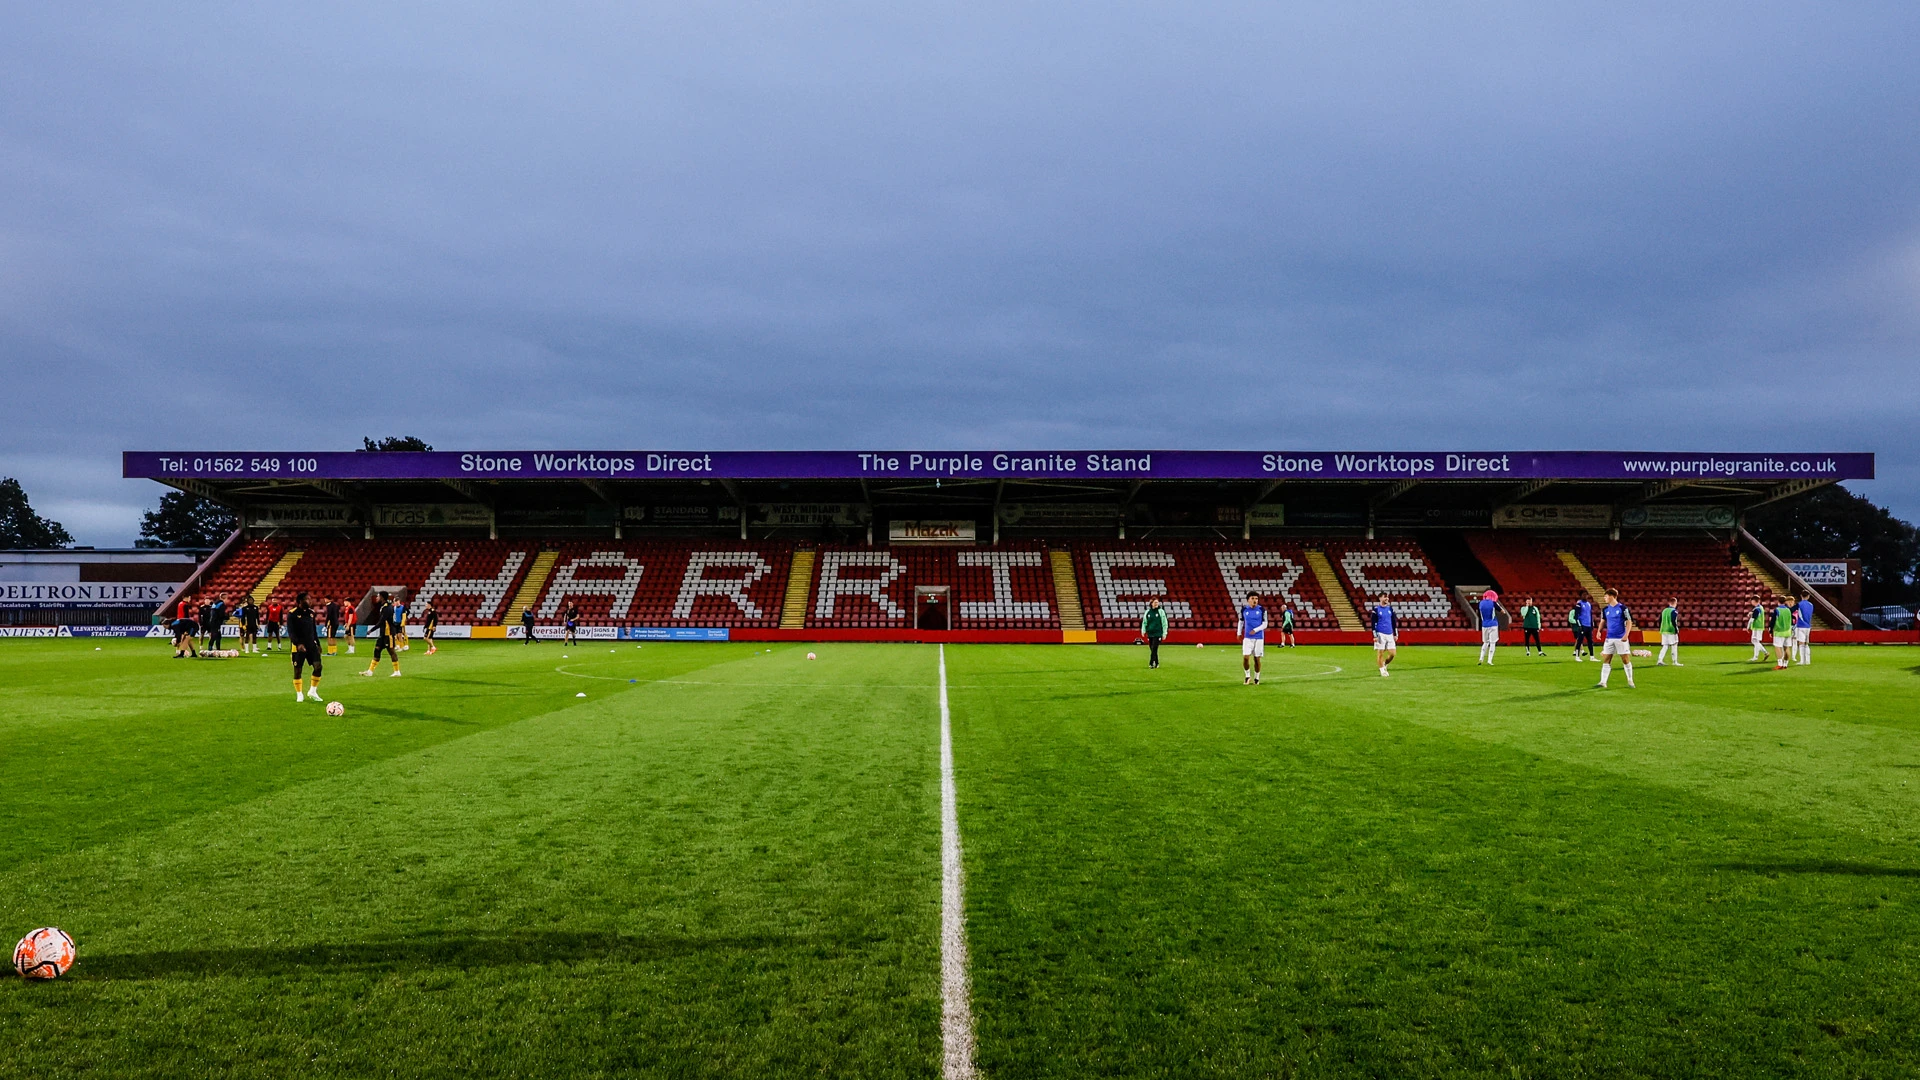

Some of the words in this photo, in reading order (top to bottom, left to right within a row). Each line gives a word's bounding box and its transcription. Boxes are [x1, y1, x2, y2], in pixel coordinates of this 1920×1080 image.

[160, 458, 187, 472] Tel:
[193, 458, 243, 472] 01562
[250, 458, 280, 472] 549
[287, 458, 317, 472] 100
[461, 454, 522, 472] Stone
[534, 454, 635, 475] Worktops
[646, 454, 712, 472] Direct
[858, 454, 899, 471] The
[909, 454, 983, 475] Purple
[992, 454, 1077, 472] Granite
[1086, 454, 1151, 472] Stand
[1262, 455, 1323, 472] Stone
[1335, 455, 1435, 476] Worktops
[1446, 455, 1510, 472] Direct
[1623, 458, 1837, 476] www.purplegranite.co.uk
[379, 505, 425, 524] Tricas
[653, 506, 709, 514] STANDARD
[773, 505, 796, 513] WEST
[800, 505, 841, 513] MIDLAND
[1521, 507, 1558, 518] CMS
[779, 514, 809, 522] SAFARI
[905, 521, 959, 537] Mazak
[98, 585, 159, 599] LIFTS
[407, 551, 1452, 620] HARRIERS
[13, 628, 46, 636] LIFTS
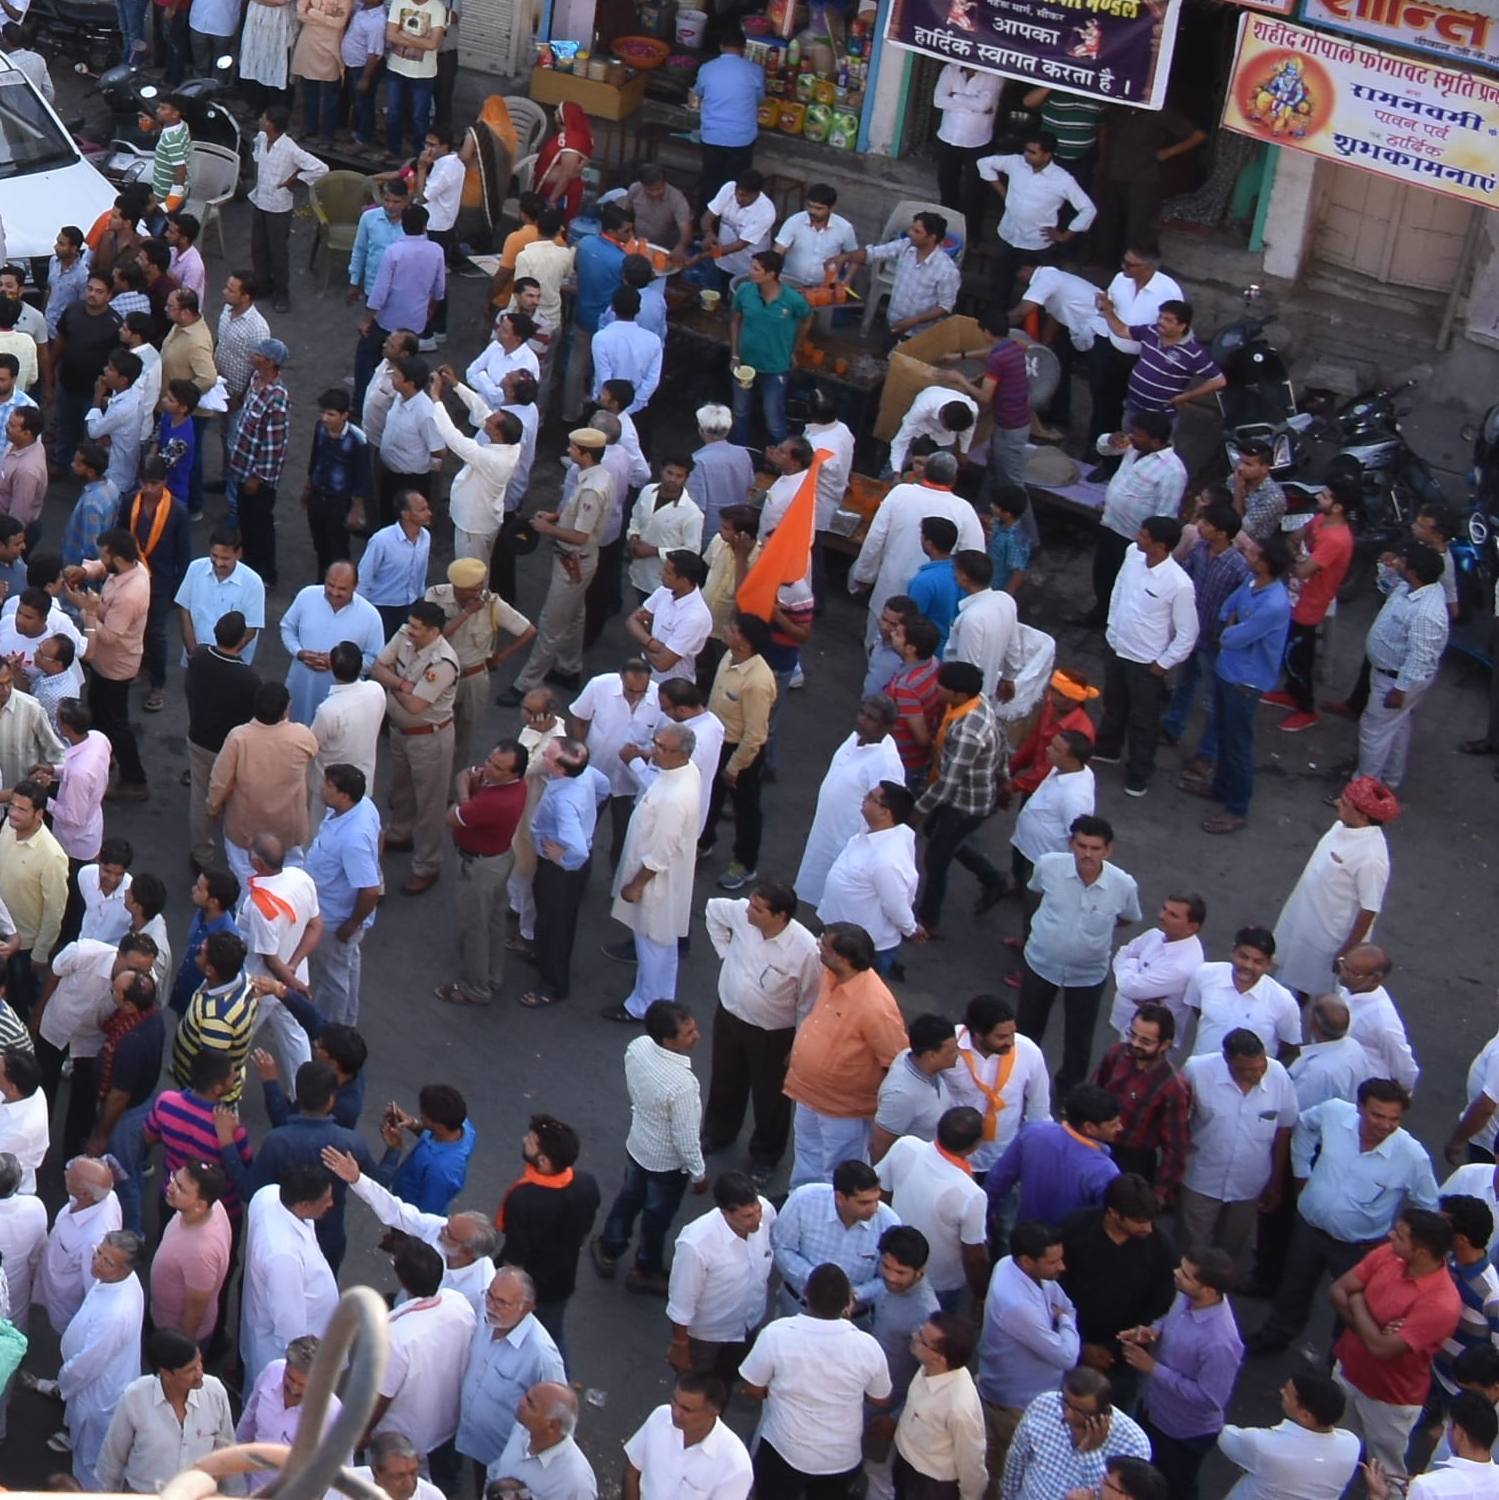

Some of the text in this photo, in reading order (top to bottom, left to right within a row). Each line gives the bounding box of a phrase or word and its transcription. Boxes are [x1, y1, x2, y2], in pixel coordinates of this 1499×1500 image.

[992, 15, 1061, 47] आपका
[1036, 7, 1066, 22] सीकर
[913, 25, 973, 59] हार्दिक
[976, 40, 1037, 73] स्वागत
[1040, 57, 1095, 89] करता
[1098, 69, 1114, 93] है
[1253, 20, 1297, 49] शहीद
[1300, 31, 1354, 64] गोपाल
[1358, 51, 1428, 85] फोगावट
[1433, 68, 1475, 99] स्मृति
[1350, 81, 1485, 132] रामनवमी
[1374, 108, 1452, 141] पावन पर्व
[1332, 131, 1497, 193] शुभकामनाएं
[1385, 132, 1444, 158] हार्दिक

[Work instruction] Your reply must contain the line with "Some of the text" and each later line of the material, word for word, and nothing else.

[Response area]
Some of the text in this photo, in reading order (top to bottom, left to right within a row). Each line gives the bounding box of a phrase or word and its transcription. Boxes are [x1, y1, x2, y2], in pixel coordinates of this 1499×1500 image.

[992, 15, 1061, 47] आपका
[1036, 7, 1066, 22] सीकर
[913, 25, 973, 59] हार्दिक
[976, 40, 1037, 73] स्वागत
[1040, 57, 1095, 89] करता
[1098, 69, 1114, 93] है
[1253, 20, 1297, 49] शहीद
[1300, 31, 1354, 64] गोपाल
[1358, 51, 1428, 85] फोगावट
[1433, 68, 1475, 99] स्मृति
[1350, 81, 1485, 132] रामनवमी
[1374, 108, 1452, 141] पावन पर्व
[1332, 131, 1497, 193] शुभकामनाएं
[1385, 132, 1444, 158] हार्दिक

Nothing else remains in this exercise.